Your point about large infrastructure must be put in the context that the Commission, in the three most recent programming periods—1994 to 1999, 2000 to 2006 and the current one—has constantly put pressure on the UK and other states to move from capital infrastructure spend to revenue-type activity. In the early days, structural funds were all about infrastructure such as water, sewerage and roads, but the Commission now feels that we need to move further up the value chain and consider more investment in SMEs, revenue support, research and development, innovation, commercialisation and skills. We have always accepted that argument, but in the global economy, and in trying to build a knowledge economy in the post-industrial period, we argue that we also need essential infrastructure. In the life sciences, for example, you need high-cost components such as research facilities, research equipment and the key skills base. They do not come about by themselves. It is important to get everything in place. To compete internationally, you need to provide research facilities of a quality that will attract and retain key research scientists.

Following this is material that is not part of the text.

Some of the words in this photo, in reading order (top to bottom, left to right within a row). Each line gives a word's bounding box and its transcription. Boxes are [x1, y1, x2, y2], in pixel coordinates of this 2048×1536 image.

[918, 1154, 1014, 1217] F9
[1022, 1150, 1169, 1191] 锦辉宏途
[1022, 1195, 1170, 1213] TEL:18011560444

We have always argued along those lines, but the Commission has always pushed and pushed for limits on capital infrastructure expenditure. That view has been built into programmes, but we argue that it must be relaxed. Work still needs to be done. For example, Scottish Enterprise and the university sector are still suggesting high-quality projects. There was an article in The Herald recently on the proposed new Scottish centre for regenerative medicine, which is a major project—£50 million-plus—that is going through the Commission and the monitoring committee. Investment in stem cell research has led to a significant breakthrough this week that might allow a move away from the use of embryonic cells and towards reprogramming basic skin tissue to become stem cells. If we do not invest in infrastructure, we will not get such breakthroughs, from which can come significant commercial applications. We continue to push on that door.

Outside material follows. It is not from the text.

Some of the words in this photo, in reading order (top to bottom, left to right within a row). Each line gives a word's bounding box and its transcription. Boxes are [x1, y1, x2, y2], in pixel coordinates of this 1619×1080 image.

The West of Scotland Colleges Partnership stresses the importance of continued investment in key learning infrastructure. From my many years of experience in working in further education, I feel that it is legitimate to make that case. We have more than 40 colleges around the country, most of which have had major refurbishment. Such refurbishment is much needed, as committee members will know if they have been in any colleges recently. We are in the 21st century and we are trying to develop a knowledge-based economy, so we have to create a learning environment that attracts people of all ages and encourages them to take part in lifelong learning. Further education colleges are fundamental to that.
Some of our college estate is not fit for purpose and needs major refurbishment. The argument is made that we do not have enough structural funds to invest in that refurbishment. We have had the money in previous programmes, and we will probably have limited money in this programme. ERDF priority 3, on urban regeneration, allows for a level of investment in the refurbishment and adaptation of learning facilities, as long as it is part of integrated urban development plans. There has to be a focus on what the college facilities will do for urban regeneration in the community. That is not to say that investment in learning infrastructure is not a good thing, but such investment has to be targeted, because we simply do not have the funds. The colleges make a legitimate claim that increased investment will be required.

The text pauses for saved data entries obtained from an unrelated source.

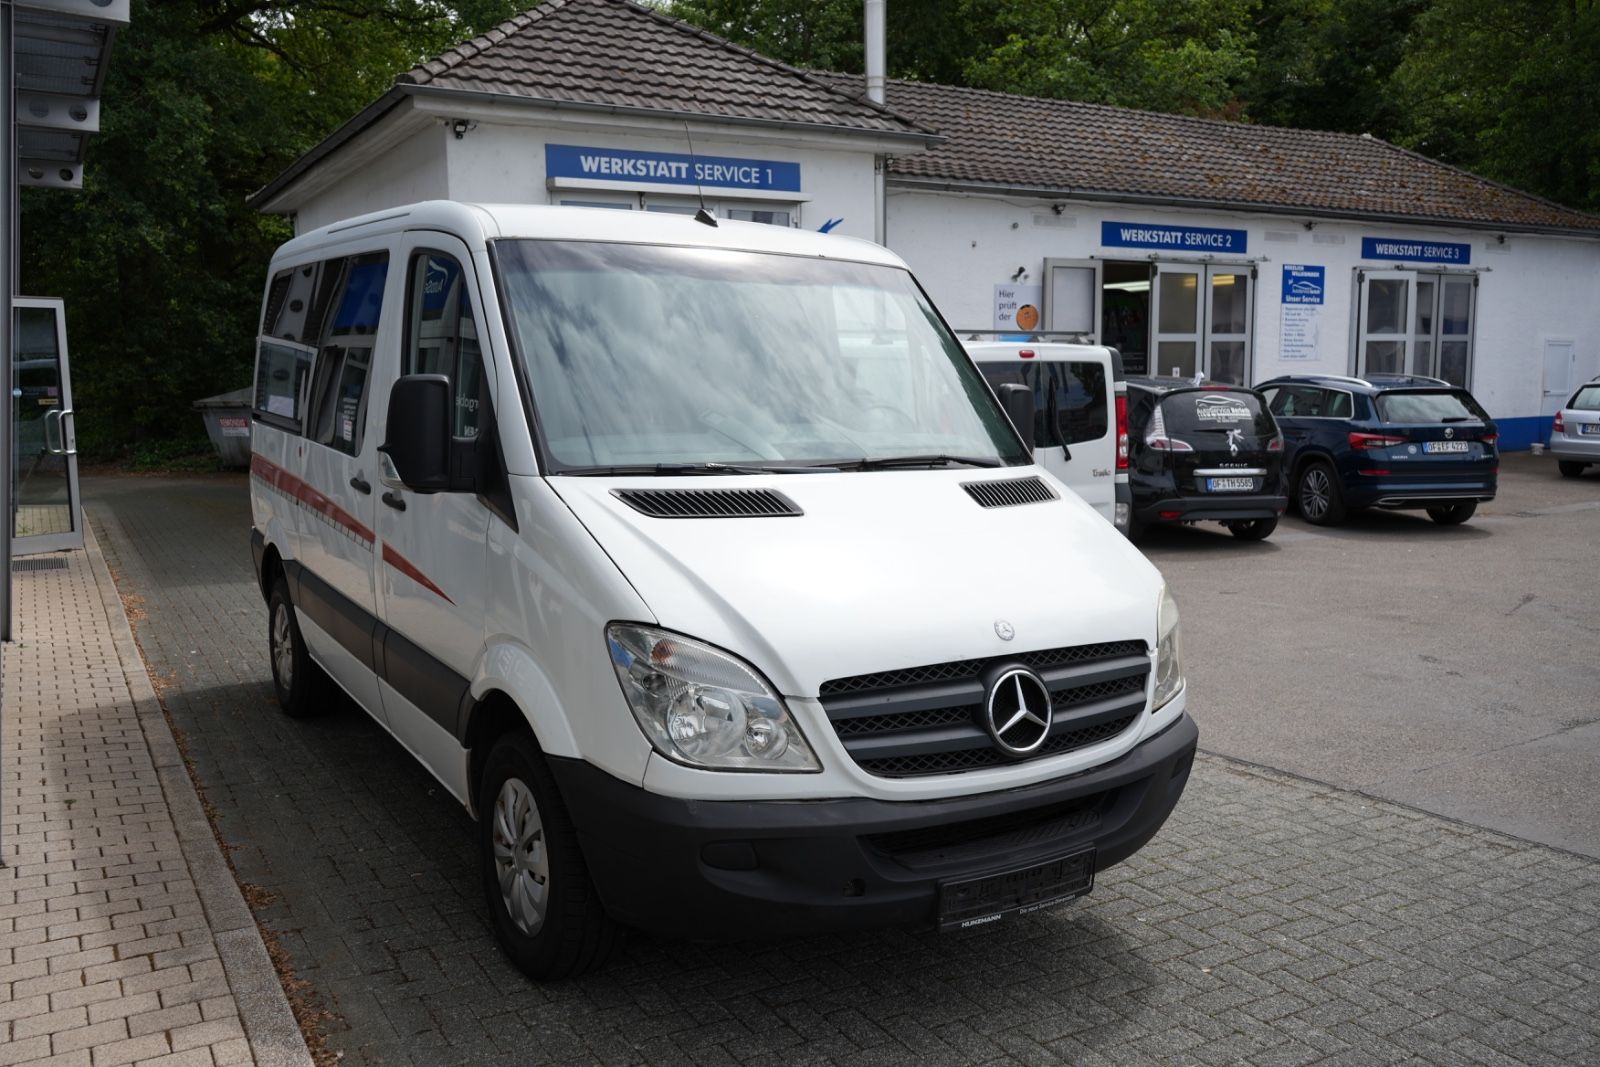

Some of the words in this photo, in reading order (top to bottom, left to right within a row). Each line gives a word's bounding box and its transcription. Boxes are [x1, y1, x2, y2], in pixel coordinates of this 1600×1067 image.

[580, 155, 688, 179] WERKSTATT
[694, 163, 760, 184] SERVICE
[766, 169, 773, 185] 1
[1120, 228, 1182, 244] WERKSTATT
[1184, 230, 1223, 247] SERVICE
[1225, 234, 1232, 247] 2
[1375, 243, 1422, 257] WERKSTATT
[1423, 246, 1453, 259] SERVICE
[1454, 248, 1460, 259] 3
[998, 289, 1015, 299] Hier
[1285, 294, 1302, 303] Unser
[1302, 295, 1320, 303] Service
[998, 301, 1017, 311] prüft
[998, 311, 1011, 321] der
[1428, 442, 1436, 451] OF
[1212, 479, 1222, 488] OF
[1227, 479, 1236, 488] TH
[1237, 478, 1253, 488] 5585

The Commission makes particular points about flexibility, and it has increased the thresholds for state aids. The de minimis limit of €200,000 has gone up to €500,000, since the view is that that level of aid to SMEs will not distort competition, which is true. In the current crisis, I wonder whether even €500,000 should be the limit. I am not sure that we should be setting limits for SMEs. We need to set limits for large companies, because we can see distortion there. Issues related to protectionism are developing throughout the EU in key sectors such as the automobile sector, which must not be allowed to happen. However, SMEs are a substantial part of the Scottish economy—more than 96 per cent of our businesses are SMEs—so if we cannot invest in export aid, which is prohibited, we need to maintain the current SME base and ensure that SMEs are primed to come out of the crisis. They will need support.
Many of our SMEs are in distress. In a normal economic situation they would be viable businesses, but in the current situation they are struggling because of a lack of working capital. It is critical that we intervene. A number of measures are being taken. As I have said, we are considering JEREMIE funding. We have already committed more than £46 million for two Scottish Enterprise proposals for the Scottish co-investment fund and the Scottish venture fund. I see scope for using other funds. In fact, we are speaking to a number of people about private sector venture capital funds investing in key sectors in Scotland and supporting the SME base.
It is easy to criticise the Commission, but the current circumstances are unprecedented. We cannot make that point often enough. I wonder whether the relaxations that it has introduced are enough to deal with the current crisis.
I will open up the meeting to colleagues in just a minute.
You mentioned legislative initiatives that the Commission might undertake. By their nature, such responses are slow. Are you thinking about things such as the proposed small business act, or are there other legislative initiatives in the pipeline that will assist us in Scotland?
I do not know the details, but the Commission is responding. It is easy to criticise the Commission, because it is pretty remote and does not have much of a profile. However, it is working hard to introduce measures. Inevitably, some of those measures will require legislative change, which means that a process has to be gone through that is not of the Commission's making. Approval is required from member states, and that takes time. However, the Commission is being helpful by saying, "Look, this has to go through a set procedure, but you can go forward on the basis that the legislation will be put in place and the necessary directives will be implemented." The Commission is being encouraging. I am not saying that there are risks attached to that; it is just that things are being backfilled, and that takes time. It is difficult to imagine a fast-track legislative procedure.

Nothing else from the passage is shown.